Am I ever glad he’s gone for three weeks. I was beginning to lose
my marbles.”

“Where’s he off to?”

“Texas, Louisiana, Florida, Georgia, Alabama,
Tennessee, and Arkansas. I’ll give Fred this much. He sure knows
how to line up speeches with VFW chapters. Afterwards he always
sells at least one policy.”

“You think you have it bad?” Thelma reached across
the red checkerboard tablecloth and clutched her hand. “Jason is
totally crazy.”

Sally slowly pulled her hand free from her best
friend. When Thelma winced, Sally patted her forearm. “Oh come on,
Thelma. Anybody that calls Fred the Professor can’t be all that
nuts.” She blinked as tears rolled down Thelma’s cheeks. “Can
he?”

“You have no idea what it’s like living with him.
Most nights he talks in his sleep to Kong.”

“Kong? Who’s that?”

“Didn’t Fred tell you?”

“No. He never talks about the war. He keeps it all
bottled up inside.”

“Kong was Jason’s one and only friend on Monkey
Island. That’s where I might as well be the way Jason pays me no
attention all the time.”

“I know he loves you. Look at how hard he works to
take good care of you.”

“That’s just it. All winter long he was gone by seven
every morning looking for sidewalks and driveways to clear the snow
off of. Then he always went to Tom’s Diner to eat dinner. He said
the daily specials are just too good to pass up. Then he looked for
odd jobs all over downtown. He got home for supper about 4:30 only
because by then it was getting dark.”

“At least he’s not lazy. He reminds me of my daddy,
the way he’s willing to work any job that comes his way.”

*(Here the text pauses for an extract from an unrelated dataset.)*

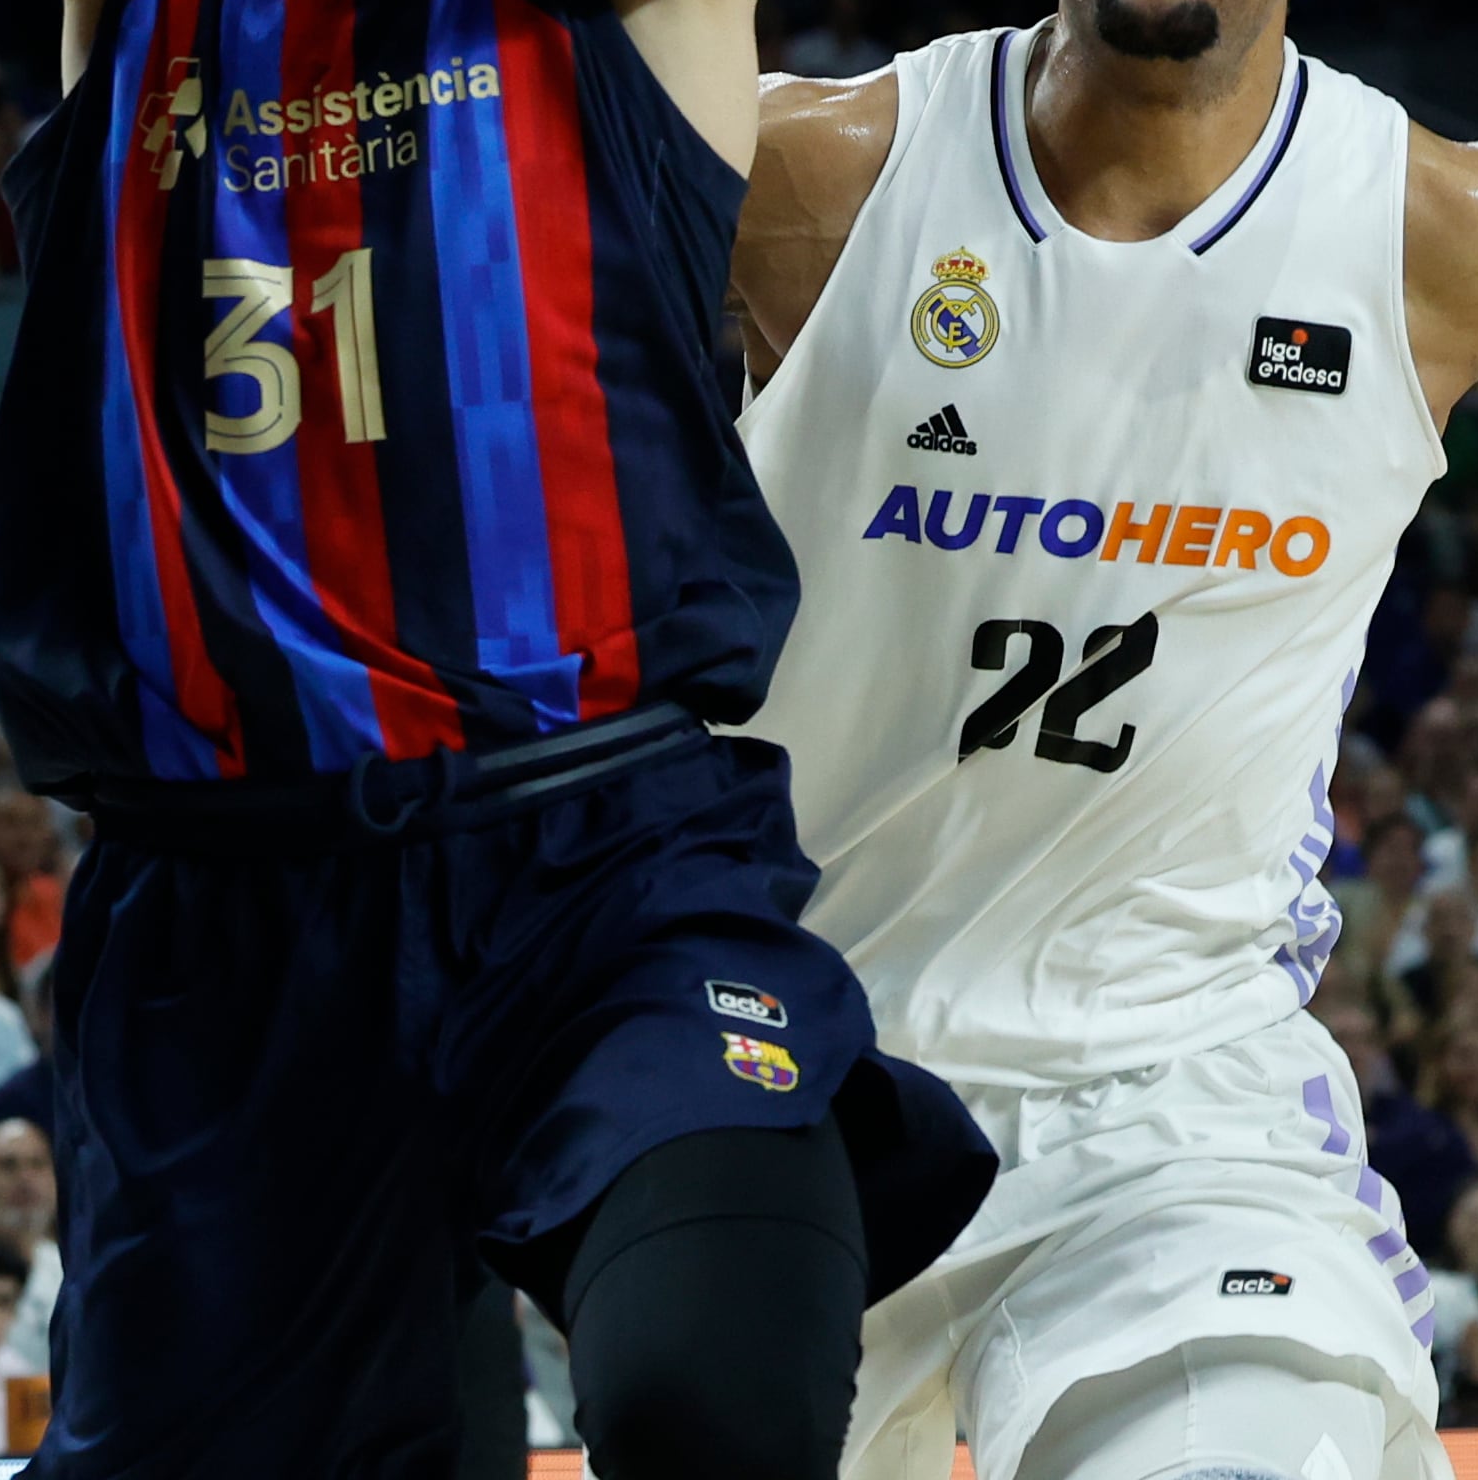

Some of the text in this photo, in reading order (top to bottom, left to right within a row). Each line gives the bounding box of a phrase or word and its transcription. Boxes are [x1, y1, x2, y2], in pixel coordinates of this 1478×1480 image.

Thelma wiped her tears with her embroidered apron and
sighed. “I guess you’re right. I’d plumb go off the deep end if it
weren’t for you being my friend.”

“Truth be told, I need you just as much as you need
me. For some reason you’re the only one I trust enough to talk
about family. All my neighbors and the ladies at church gossip like
a bunch of hens pecking some weak chicken to death. I’m not going
to be pecked by them.”

“It’s no different for me. Old Mrs. Thorndike was
wagging her tongue so hard after church last Sunday that I thought
it might break off.”

When the life inside of her moved Thelma grabbed
Sally’s hand and placed it on her womb. “Feel that? Mom says it’s a
boy for sure the way he kicks all the time.”

Sally smiled as the tiny legs thumped against her
hand. “I guess that means maybe mine is a boy, too.” She patted her
round abdomen with her other hand. “But all he does so far is make
me throw up every morning.”

***

Jason’s daily habits appeared strange to more than
just Thelma. No matter which job he worked – demolition,
remodeling, new construction – he brought home every scrap of
building material. His quarter-acre lot, which lay just outside of
the city limits, now resembled a junkyard. Lumber of every size and
length, shingles, bricks, and pipes and fixtures were all stacked
in separate piles, which Jason considered adequate storage of
salvage. Some citizens of Madisin did not. One such grievance was
aired at a monthly city council meeting.

“Now that the snow has melted off all of Jason
Dalrumple’s trash is exposed.” Mrs. Walengrad waged a forefinger.
“You simply must cite him.”

Mayor Chet Flingler, a voting member of the city
council, grimaced and turned to the four seated beside him but none
came to his rescue. “We’ve told you before, Mattie. The Dalrumples
live outside the city limits. Madisin has no jurisdiction over
their property. You have to take your gripe to the county.”